[Referring expression grounding data]
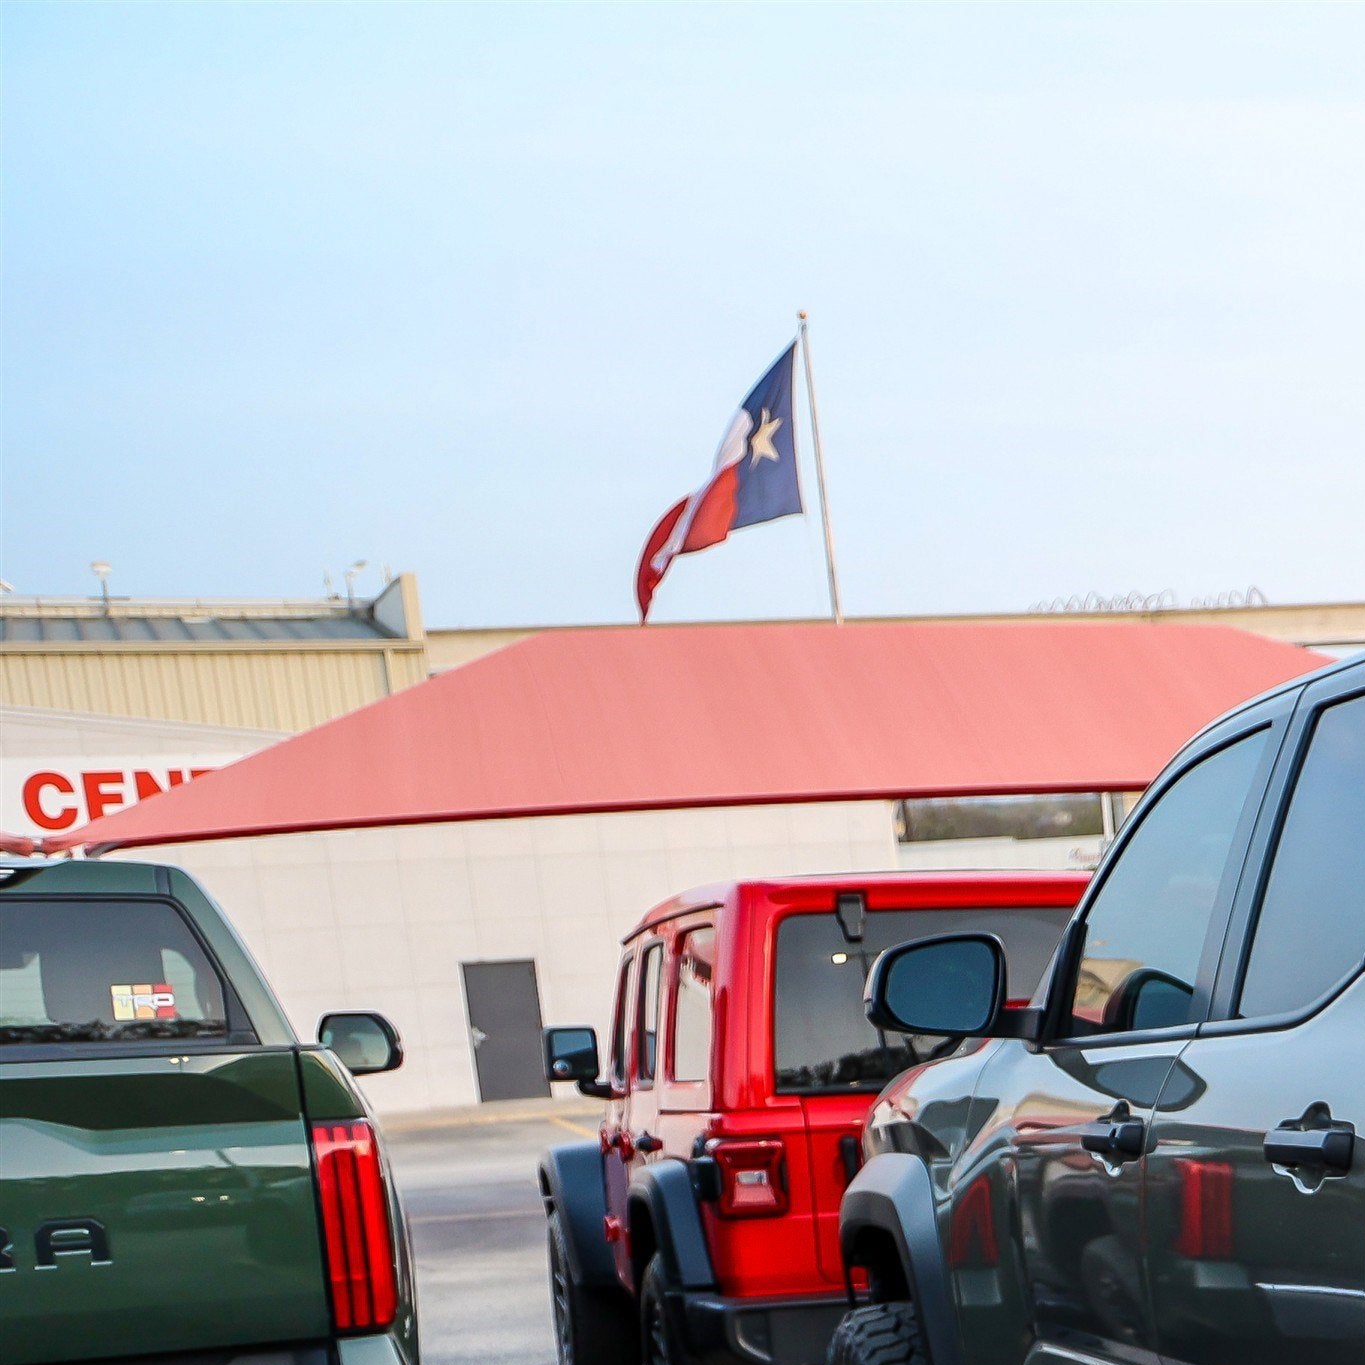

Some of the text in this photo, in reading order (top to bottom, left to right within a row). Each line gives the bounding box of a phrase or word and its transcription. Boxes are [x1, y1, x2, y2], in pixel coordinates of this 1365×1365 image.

[22, 769, 212, 830] CE
[113, 992, 175, 1011] TRD
[0, 1218, 113, 1274] A
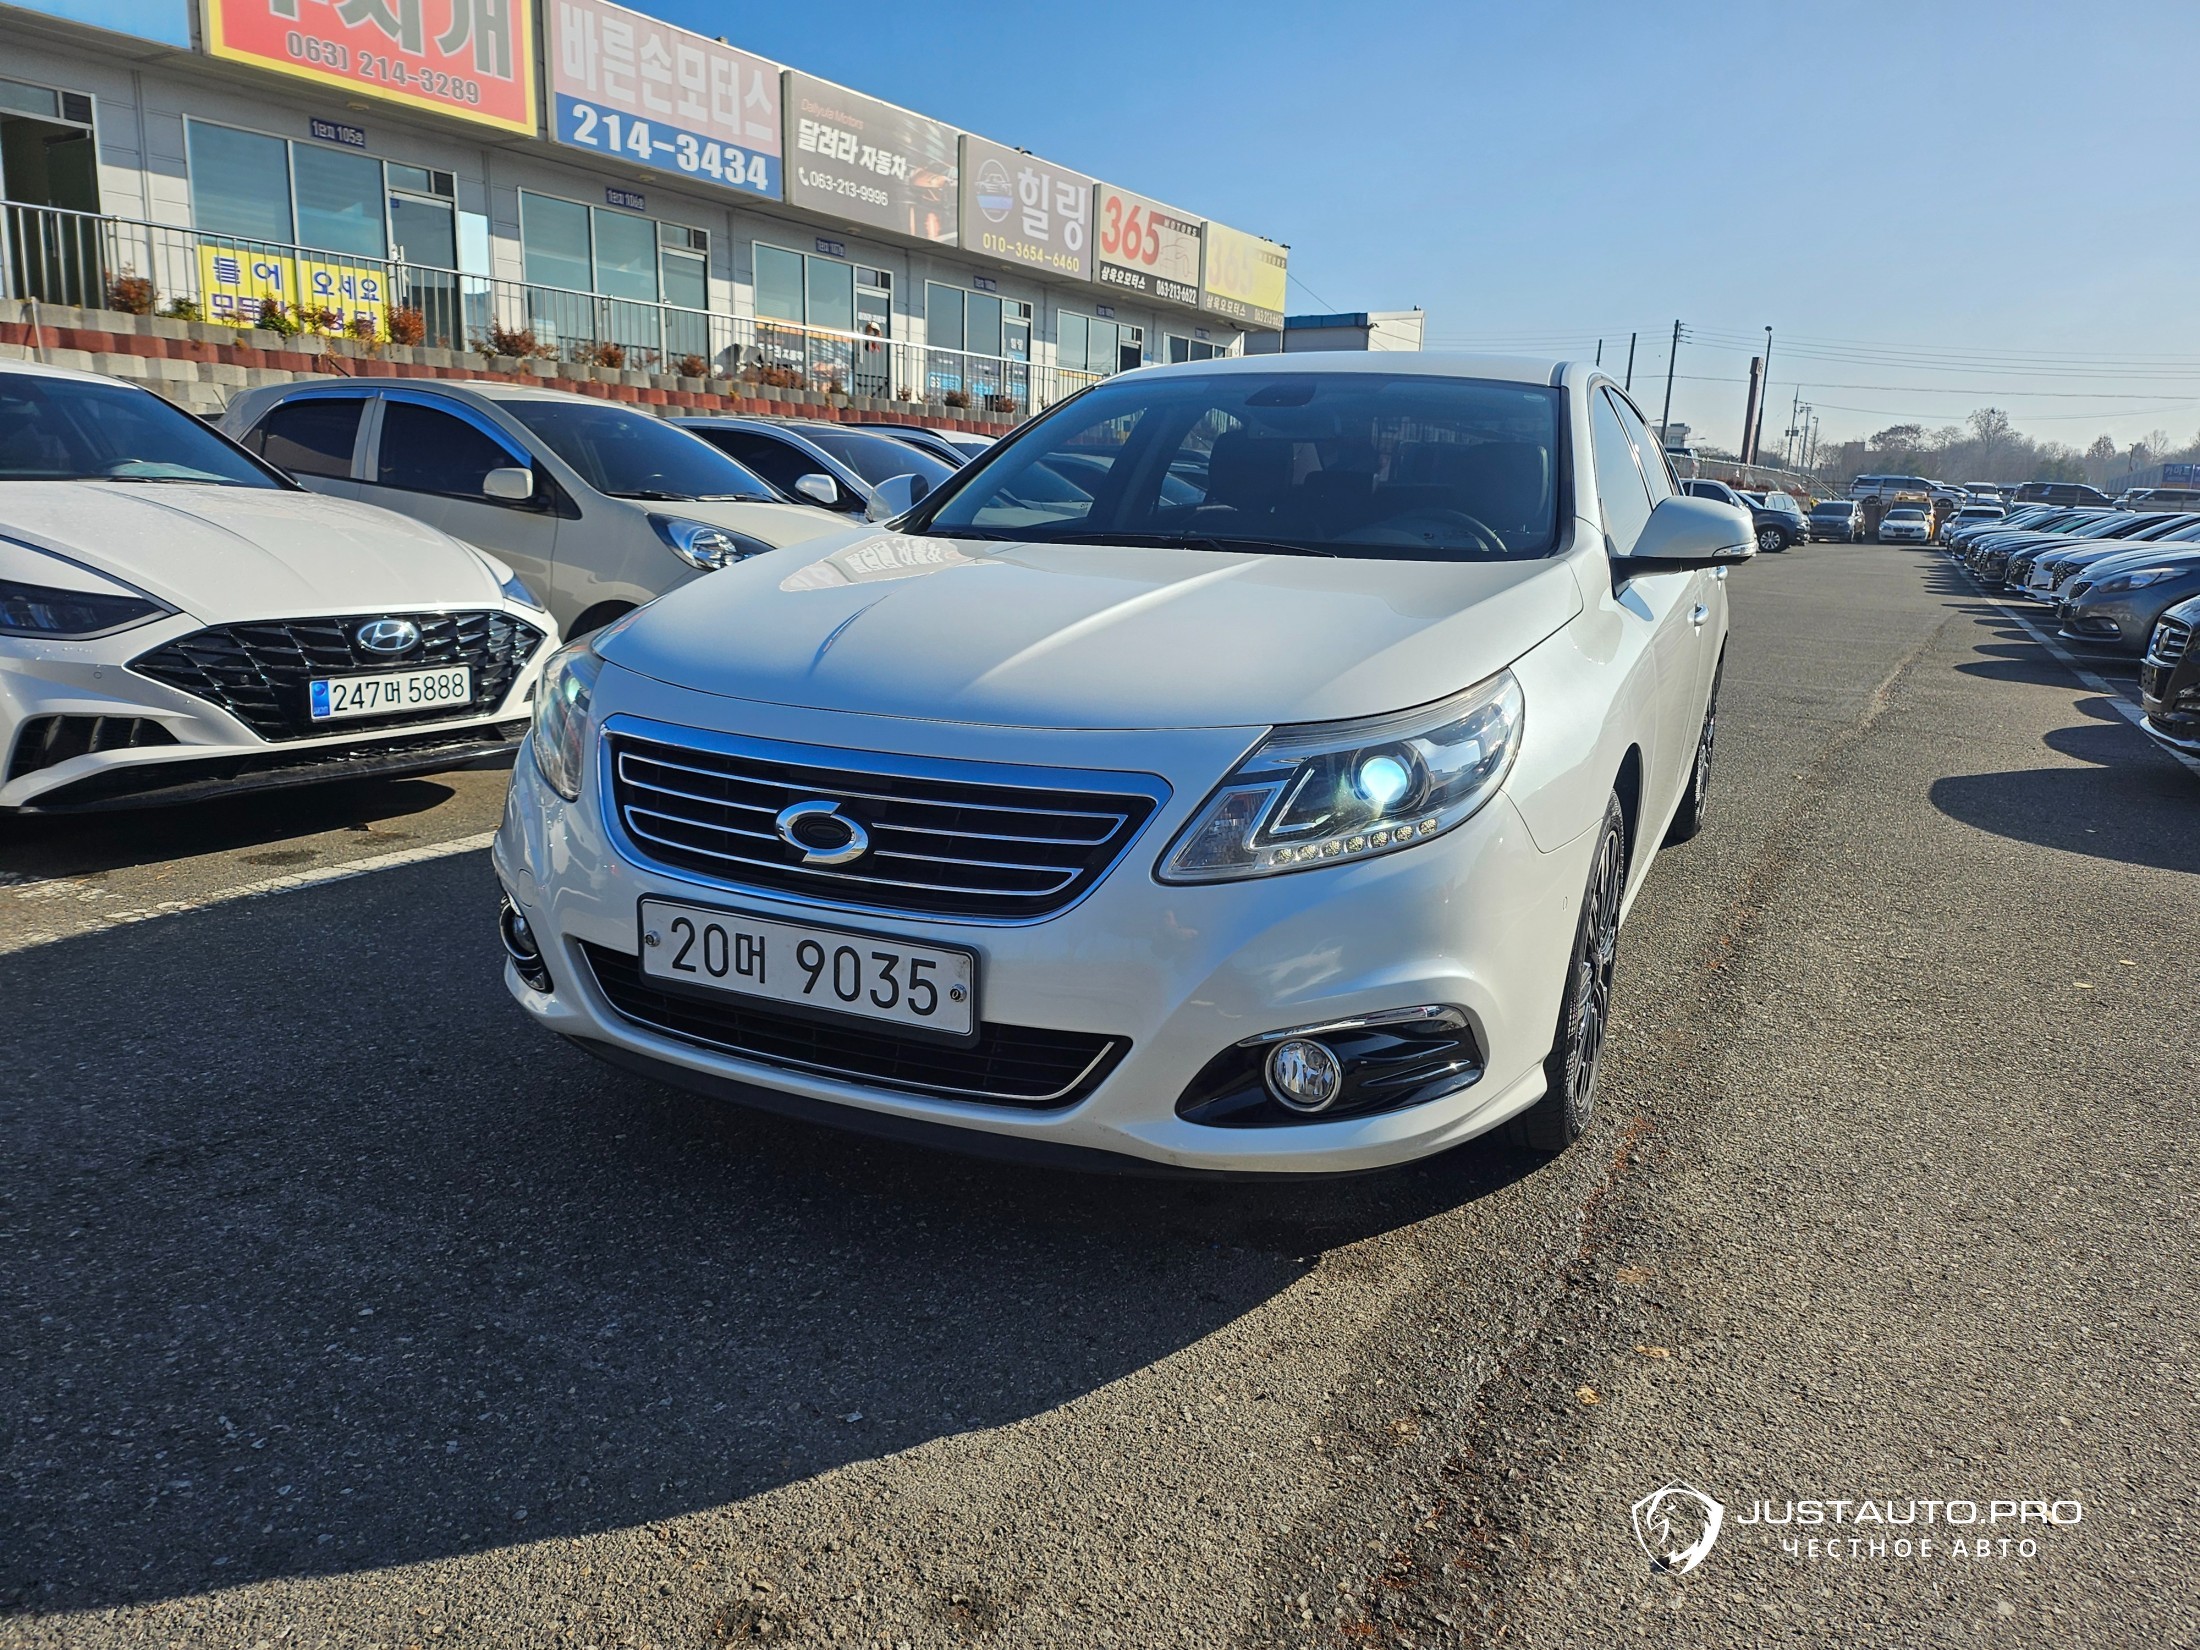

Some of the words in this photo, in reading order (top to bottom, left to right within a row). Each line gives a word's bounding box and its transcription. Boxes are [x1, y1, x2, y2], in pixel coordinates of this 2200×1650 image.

[287, 31, 348, 70] 063)
[359, 51, 480, 104] 214-3289
[559, 2, 774, 142] 바른손모터스
[572, 104, 769, 191] 214-3434
[798, 118, 858, 164] 달려라
[859, 145, 908, 180] 자동차
[810, 171, 889, 206] 063-213-9996
[1017, 167, 1087, 251] 힐링
[982, 233, 1080, 272] 010-3654-6460
[1102, 196, 1163, 266] 365
[1164, 218, 1198, 237] MOTORS
[313, 271, 379, 302] 오세요
[1101, 266, 1146, 290] 삼육오모터스
[1156, 280, 1198, 304] 063-213-6622
[333, 681, 400, 711] 247머
[409, 673, 464, 703] 5888
[671, 917, 766, 984] 20머
[796, 939, 938, 1016] 9035
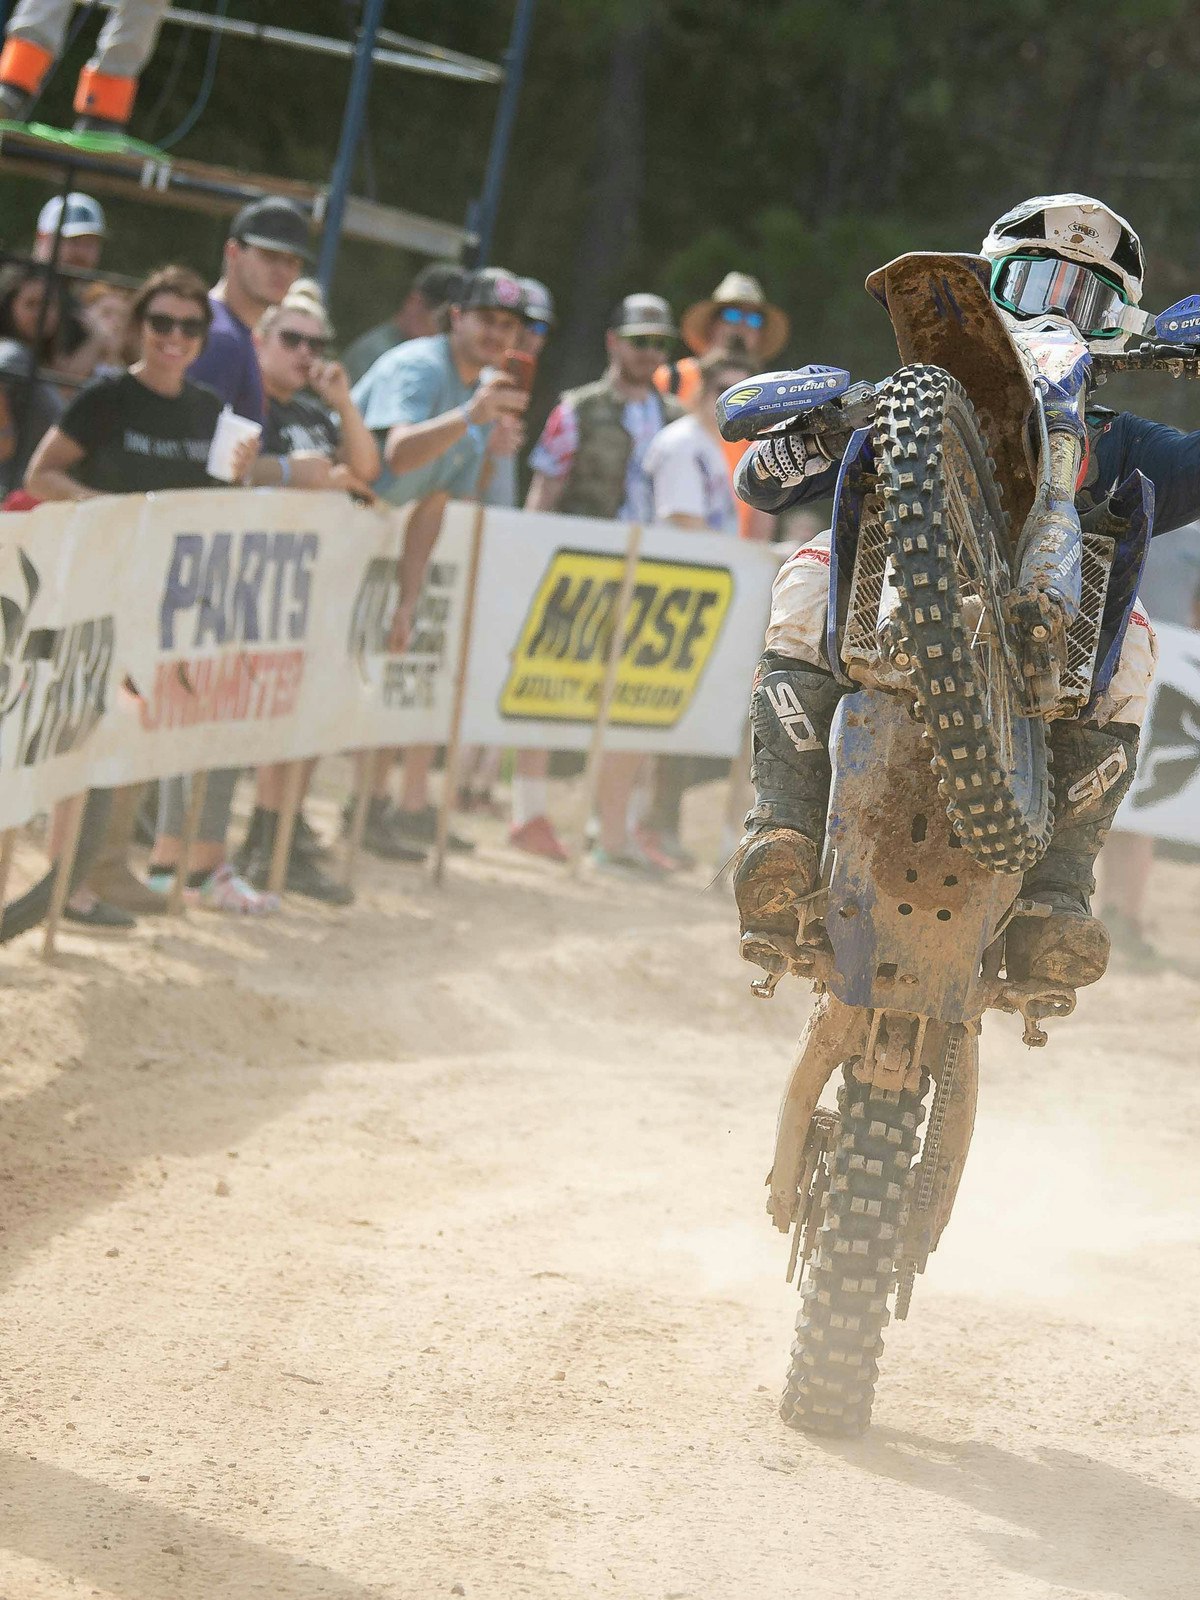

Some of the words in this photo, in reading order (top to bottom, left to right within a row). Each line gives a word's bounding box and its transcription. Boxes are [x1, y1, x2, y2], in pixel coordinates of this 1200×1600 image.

▸ **The problem**
Please retype the data exactly as it appears, but without any of its pictures.

▸ **Task response**
Some of the text in this photo, in reading order (top to bottom, left to right within a row). Each line gives the bounding box of a phrase or word and its transcription. Boxes are [x1, y1, x2, y2], in pixel coordinates of this 1365×1365 image.

[22, 769, 212, 830] CE
[113, 992, 175, 1011] TRD
[0, 1218, 113, 1274] A

Some of the words in this photo, in reading order (top to bottom, left to right within a row). Each line gives a word's bounding box and its transcription. Boxes are [x1, y1, x2, y2], in pixel coordinates of this 2200×1650 image.

[287, 31, 348, 70] 063)
[359, 51, 480, 104] 214-3289
[559, 2, 774, 142] 바른손모터스
[572, 104, 769, 191] 214-3434
[798, 118, 858, 164] 달려라
[859, 145, 908, 180] 자동차
[810, 171, 889, 206] 063-213-9996
[1017, 167, 1087, 251] 힐링
[982, 233, 1080, 272] 010-3654-6460
[1102, 196, 1163, 266] 365
[1164, 218, 1198, 237] MOTORS
[313, 271, 379, 302] 오세요
[1101, 266, 1146, 290] 삼육오모터스
[1156, 280, 1198, 304] 063-213-6622
[333, 681, 400, 711] 247머
[409, 673, 464, 703] 5888
[671, 917, 766, 984] 20머
[796, 939, 938, 1016] 9035

Some of the words in this photo, in reading order (top to bottom, left to right within a row). Each line gives a word's bounding box and its transcription. Boxes are [x1, y1, x2, y2], in pixel coordinates of this 1200×1600 image.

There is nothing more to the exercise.